RECORDS SHOWN ->
☆ ☆ ☆ ☆

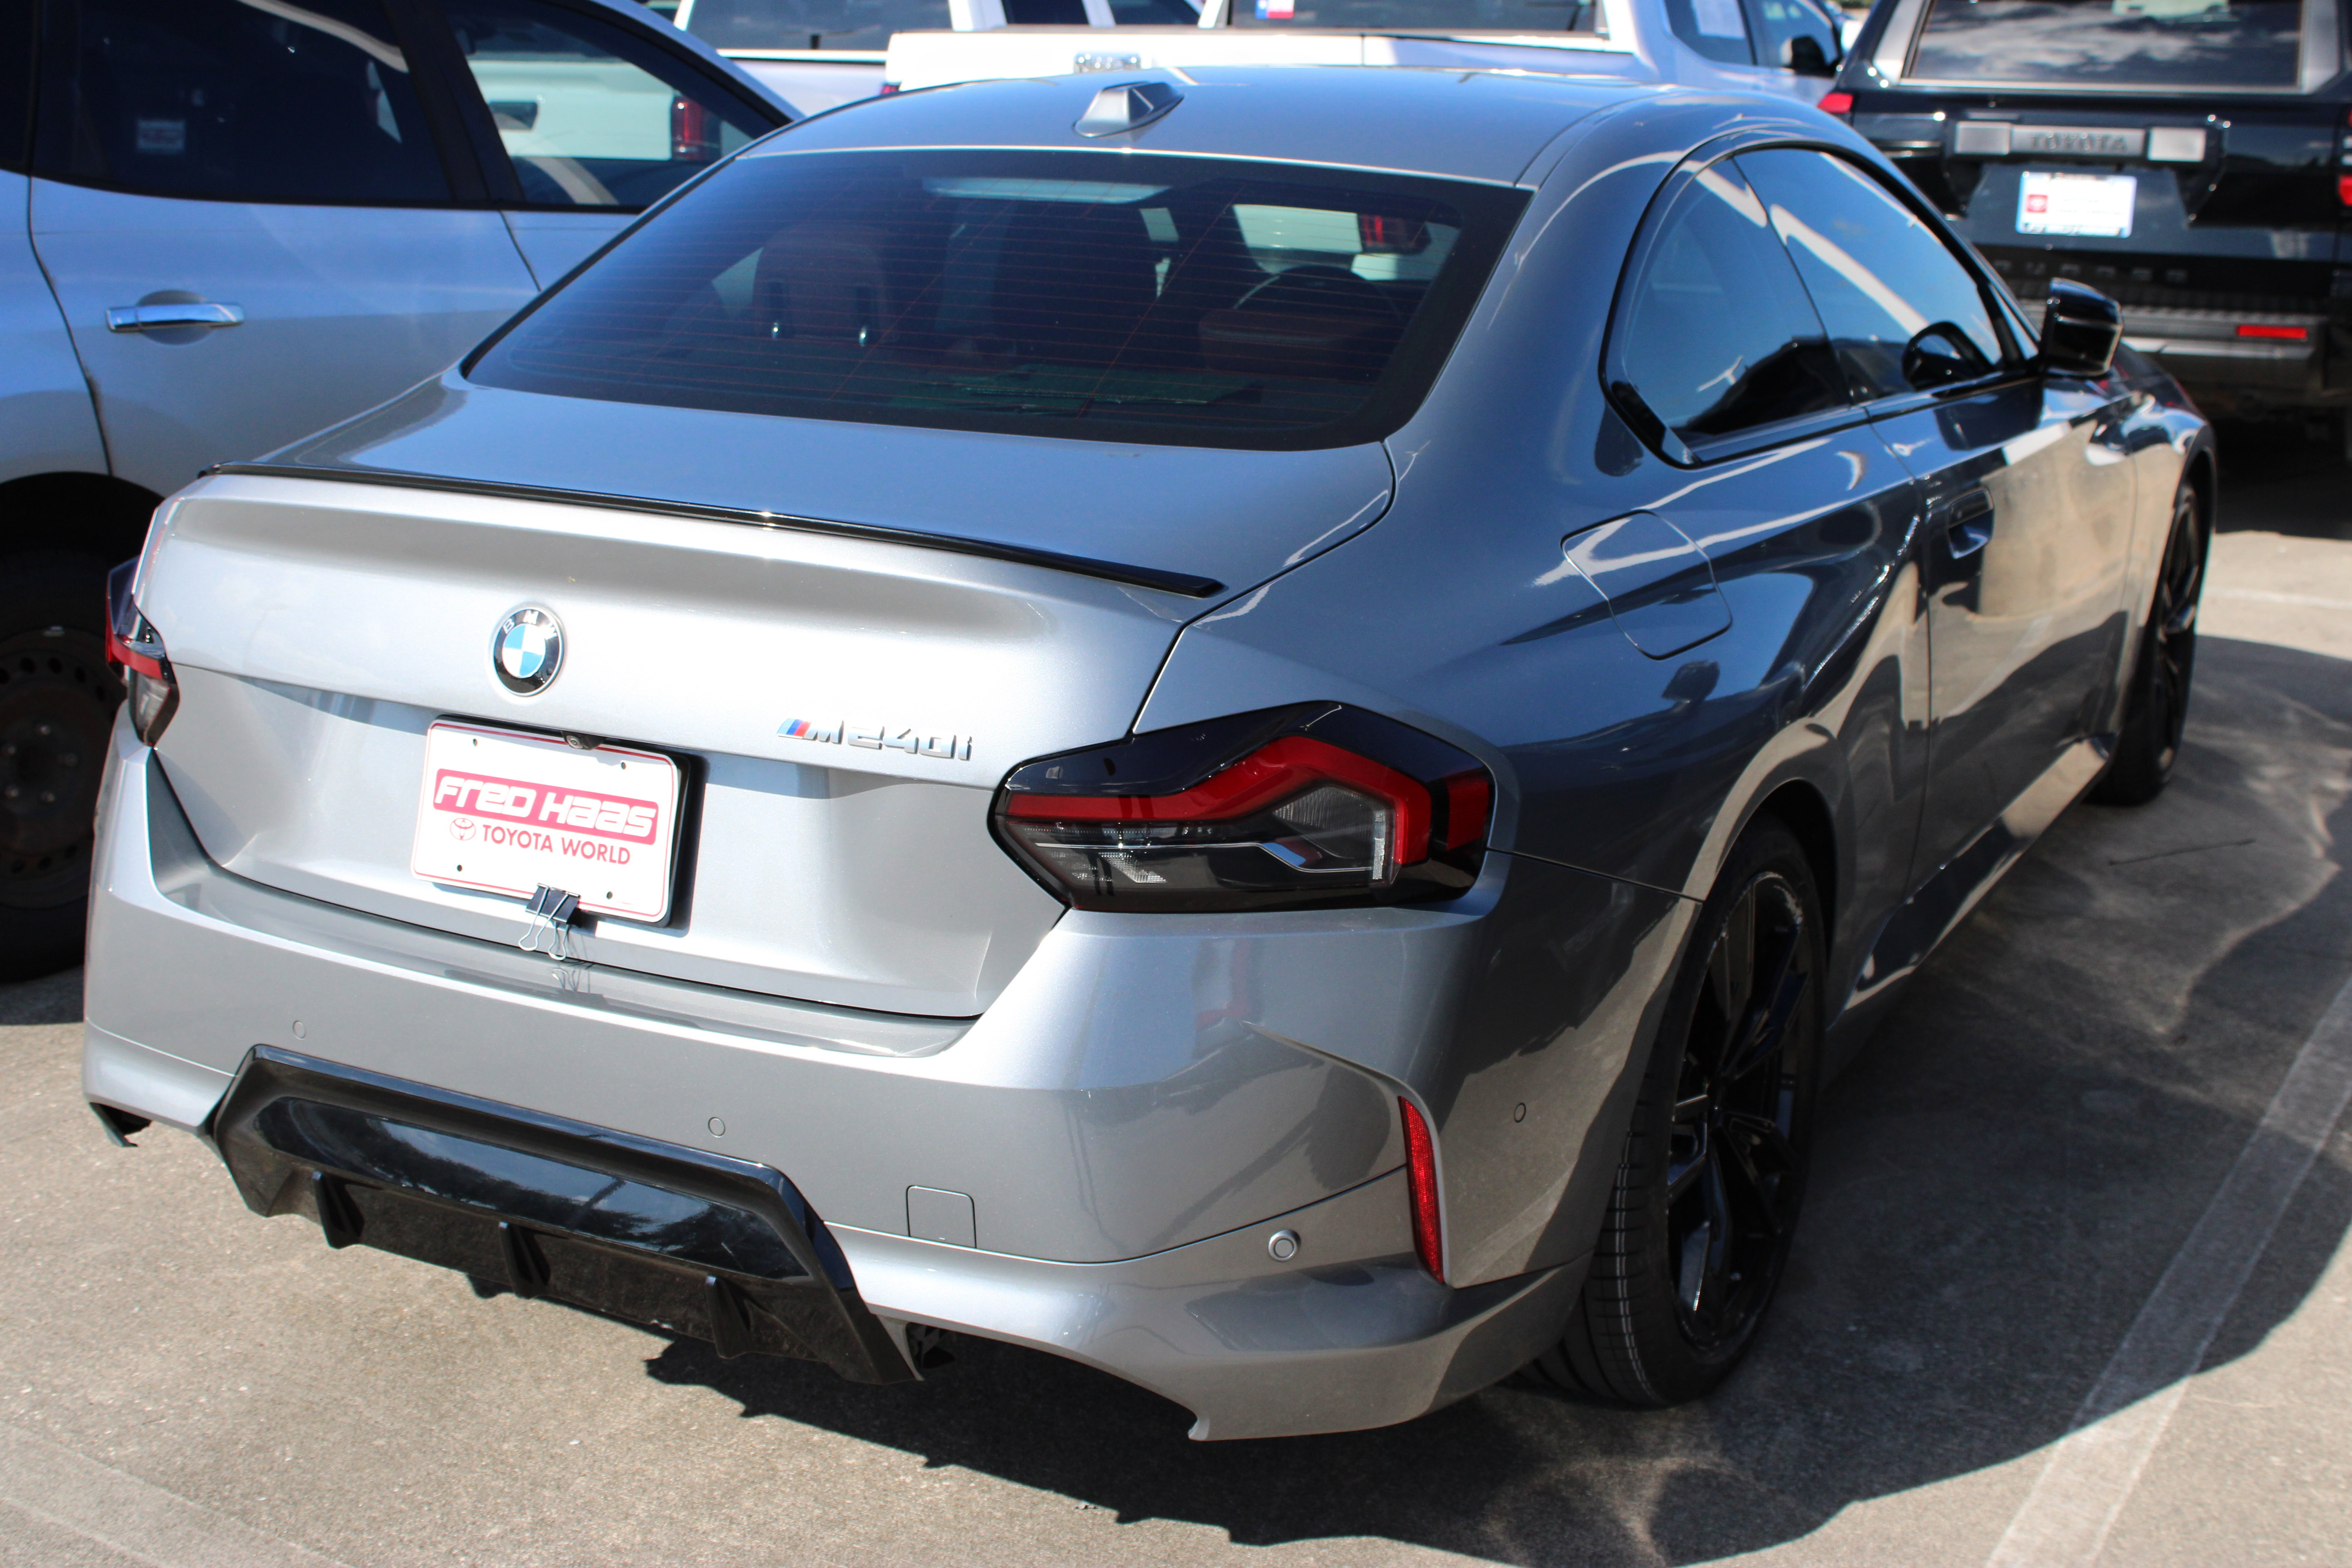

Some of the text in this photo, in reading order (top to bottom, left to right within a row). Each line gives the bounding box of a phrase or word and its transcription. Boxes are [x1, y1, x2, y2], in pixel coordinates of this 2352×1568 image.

[2030, 131, 2126, 152] TOYOTA
[503, 610, 558, 640] BMW
[482, 824, 630, 865] TOYOTA WORLD
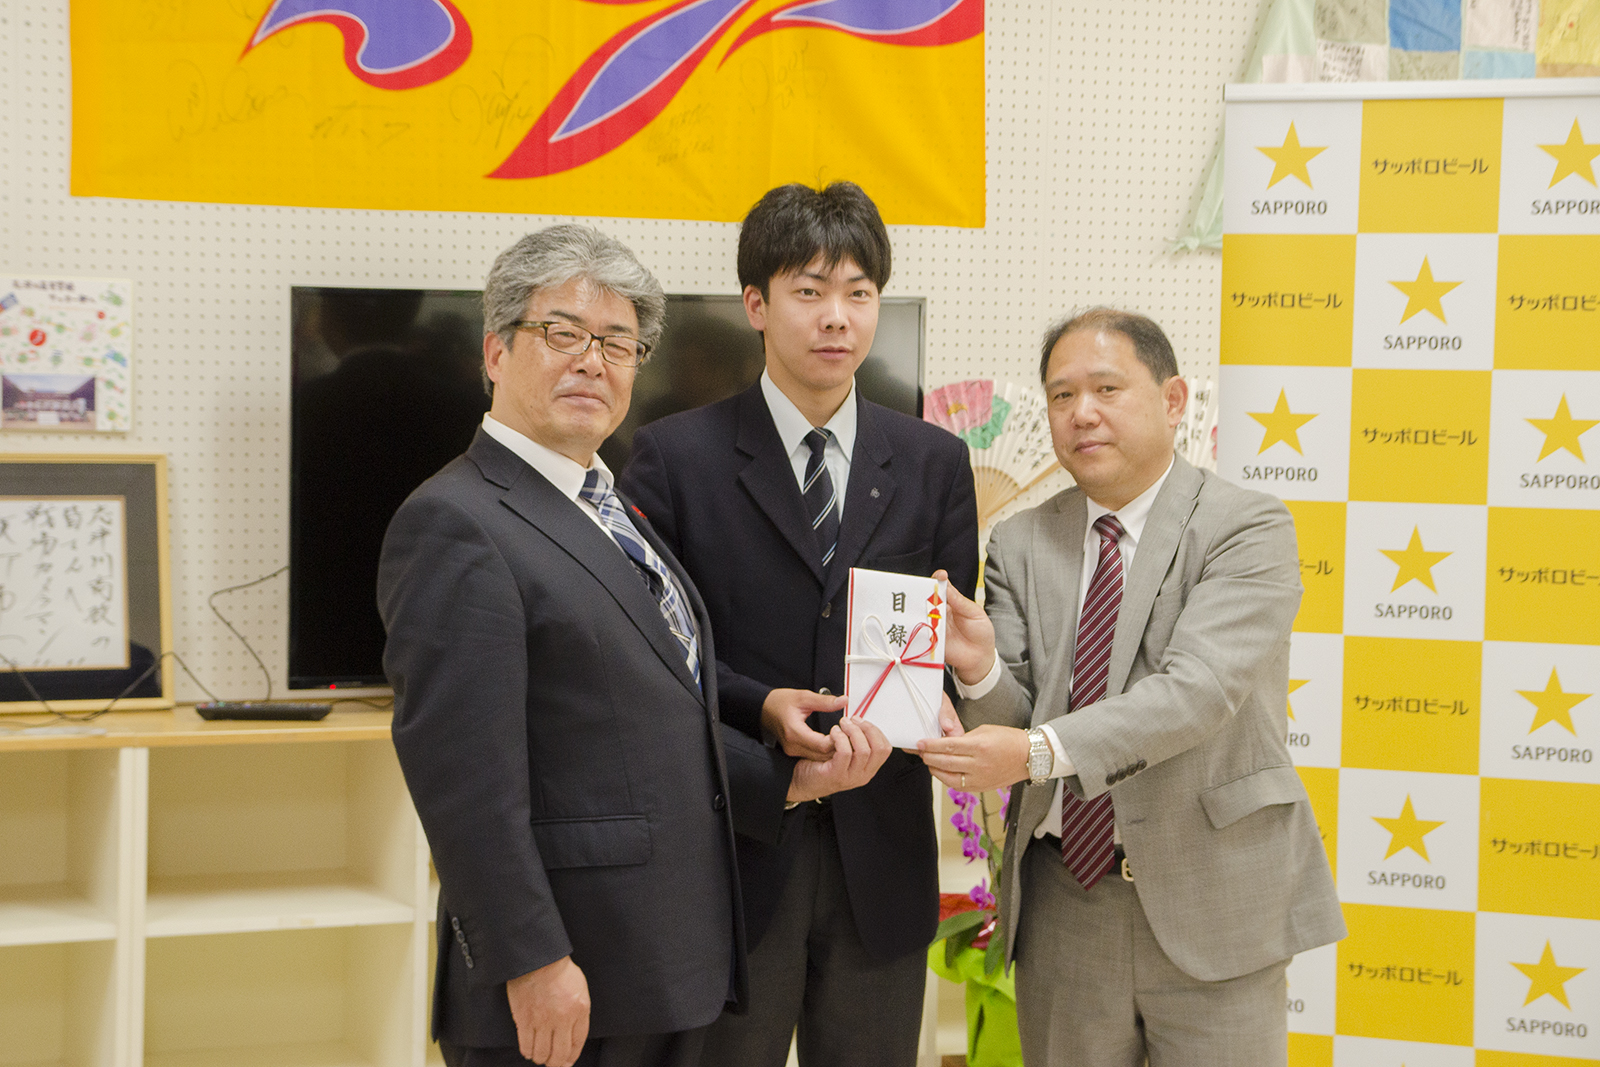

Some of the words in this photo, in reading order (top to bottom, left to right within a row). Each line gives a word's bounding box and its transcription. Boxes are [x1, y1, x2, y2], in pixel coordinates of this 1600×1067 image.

[1374, 158, 1489, 175] サッポロビール
[1251, 200, 1328, 215] SAPPORO
[1231, 292, 1343, 309] サッポロビール
[1384, 335, 1462, 351] SAPPORO
[1362, 427, 1478, 446] サッポロビール
[1242, 465, 1318, 482] SAPPORO
[1520, 473, 1600, 490] SAPPORO
[1498, 567, 1600, 586] サッポロビー
[886, 591, 908, 651] 目録
[1375, 603, 1453, 621] SAPPORO
[1354, 695, 1469, 716] サッポロビール
[1512, 744, 1593, 764] SAPPORO
[1368, 870, 1446, 890] SAPPORO
[1348, 963, 1463, 986] サッポロビール
[1506, 1017, 1588, 1038] SAPPORO

☆ ☆ ☆ ☆

What the reply must contain is an exact transcription of the data above and none of its pictures.

Some of the text in this photo, in reading order (top to bottom, left to right within a row). Each line gives the bounding box of a phrase or word and its transcription. Boxes are [x1, y1, x2, y2], in pixel coordinates of this 2352×1568 image.

[2030, 131, 2126, 152] TOYOTA
[503, 610, 558, 640] BMW
[482, 824, 630, 865] TOYOTA WORLD

Some of the words in this photo, in reading order (top to bottom, left to right within a row). Each line gives a word's bounding box and its transcription. Boxes are [x1, y1, x2, y2], in pixel coordinates of this 1600×1067 image.

[1374, 158, 1489, 175] サッポロビール
[1251, 200, 1328, 215] SAPPORO
[1231, 292, 1343, 309] サッポロビール
[1384, 335, 1462, 351] SAPPORO
[1362, 427, 1478, 446] サッポロビール
[1242, 465, 1318, 482] SAPPORO
[1520, 473, 1600, 490] SAPPORO
[1498, 567, 1600, 586] サッポロビー
[886, 591, 908, 651] 目録
[1375, 603, 1453, 621] SAPPORO
[1354, 695, 1469, 716] サッポロビール
[1512, 744, 1593, 764] SAPPORO
[1368, 870, 1446, 890] SAPPORO
[1348, 963, 1463, 986] サッポロビール
[1506, 1017, 1588, 1038] SAPPORO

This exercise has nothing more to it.